Please do learn to code - quincyla
https://medium.freecodecamp.com/please-do-learn-to-code-233597dd141c#.2pu5cibx6
======
mindcrime
Well said. My take on it is this - saying "everyone should learn to code" is
NOT the same thing as saying "everyone should become a developer". By analogy,
imagine saying that "everyone should read/write English" is the same as saying
"everyone should become a novelist".

It's not that everyone should become a developer as their profession, it's
that everyone, in every profession, can benefit from a bit of coding knowledge
- just like they can benefit from speaking English. (For the sake of argument,
let's pretend this discussion applies to the US where most people speak
English. I'm over-simplifying by ignoring specific neighborhoods that are
dominated by Spanish speakers, Chinese speakers, etc. Substitute
$YOUR_LANGUAGE in the preceding commentary if you'd prefer).

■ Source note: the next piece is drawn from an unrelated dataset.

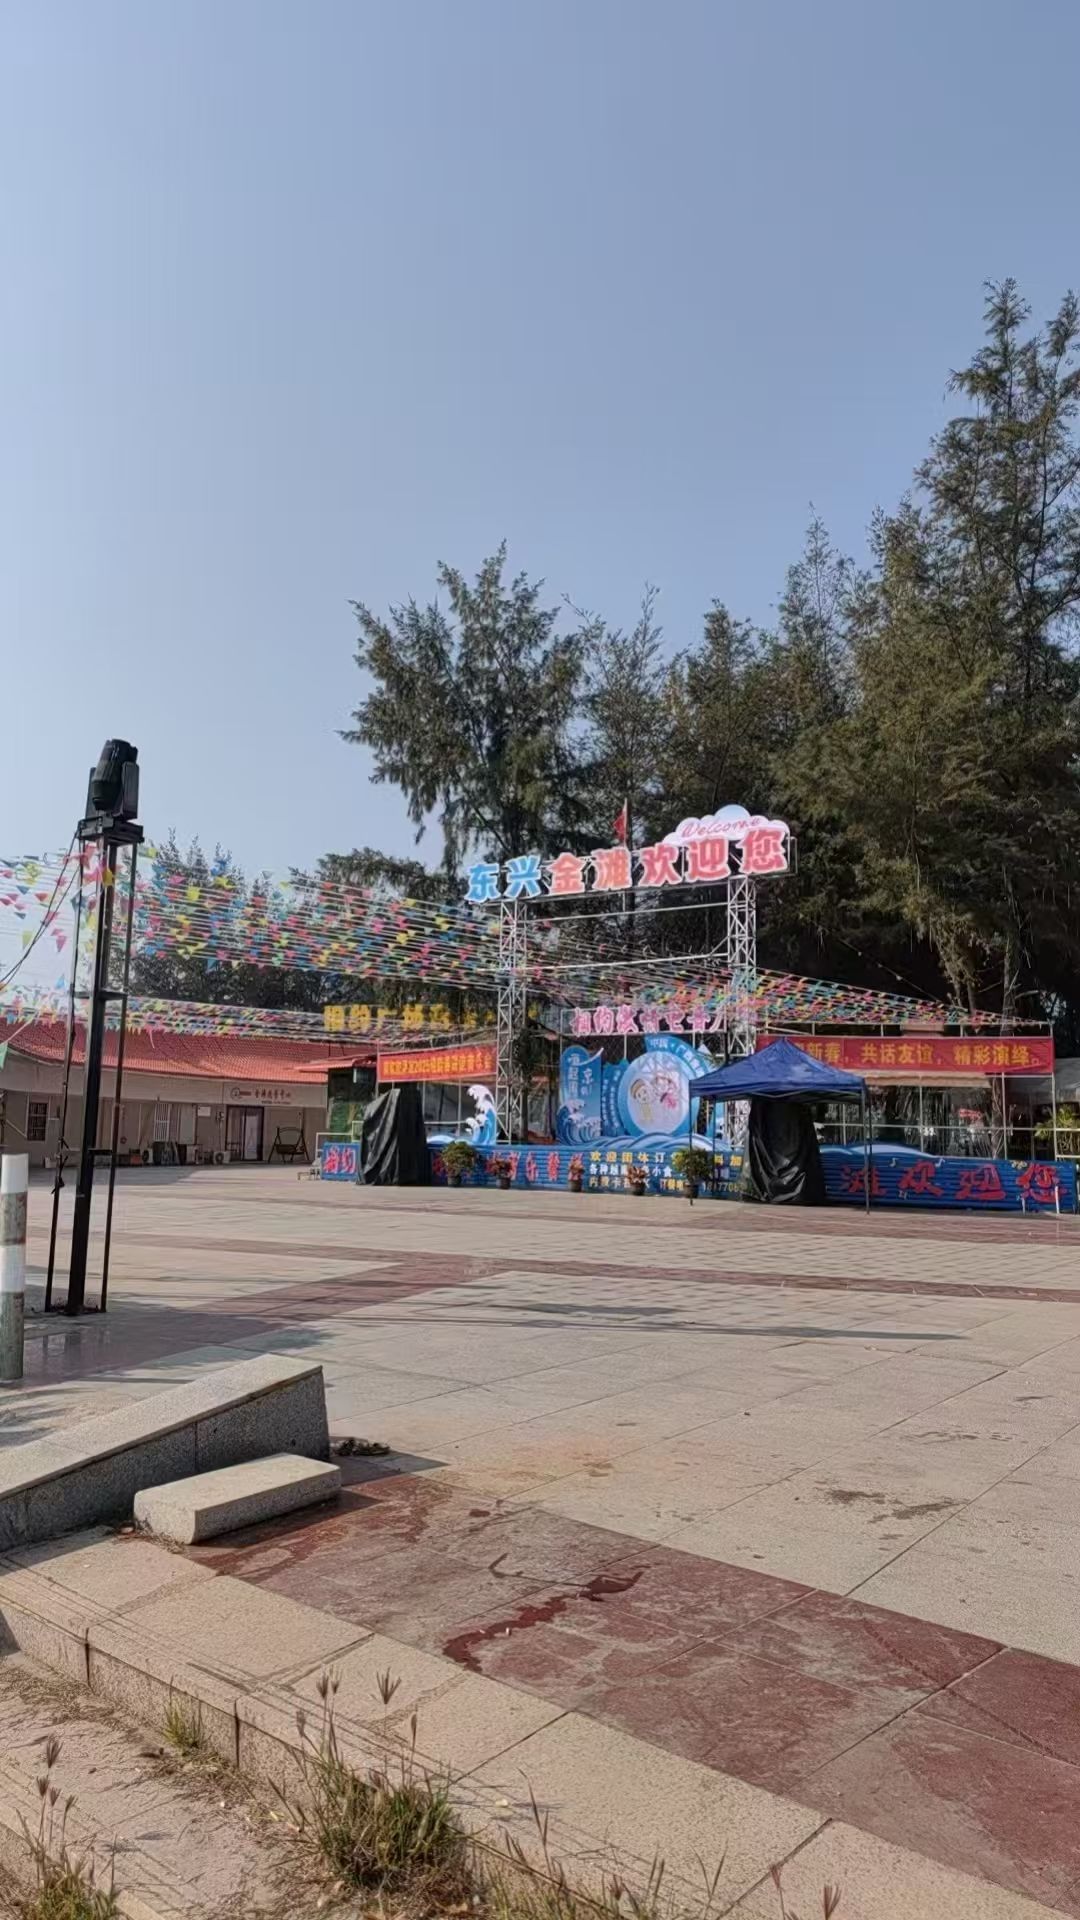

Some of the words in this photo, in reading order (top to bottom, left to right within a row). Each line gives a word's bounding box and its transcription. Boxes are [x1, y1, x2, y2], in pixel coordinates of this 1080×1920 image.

Now obviously there's a _little_ bit of hyperbole there. Maybe not _every_
profession in the most absolute sense, can benefit from coding. Or maybe they
can. But I think it's safe to assume that pretty much any "knowledge worker"
or "white collar" role can. I mean, if you have to make decisions that involve
data, or if there are processes you can automate, then coding can help you
optimize your job / business / company / whatever.

And even going beyond the traditional "white collar / knowledge worker" role
for a minute... there's a LOT to be said for the kind of automation you can
enable at a grassroots / DIY level if you can do some basic wiring, and
program an Arduino or a rPi. Are there applications for this stuff that apply
to plumbers, welders, farmers, auto mechanics, etc., etc? Almost certainly.

So yeah, definitely learn to code, just don't think that necessarily implies
"move to Silicon Valley and become a full-time software developer".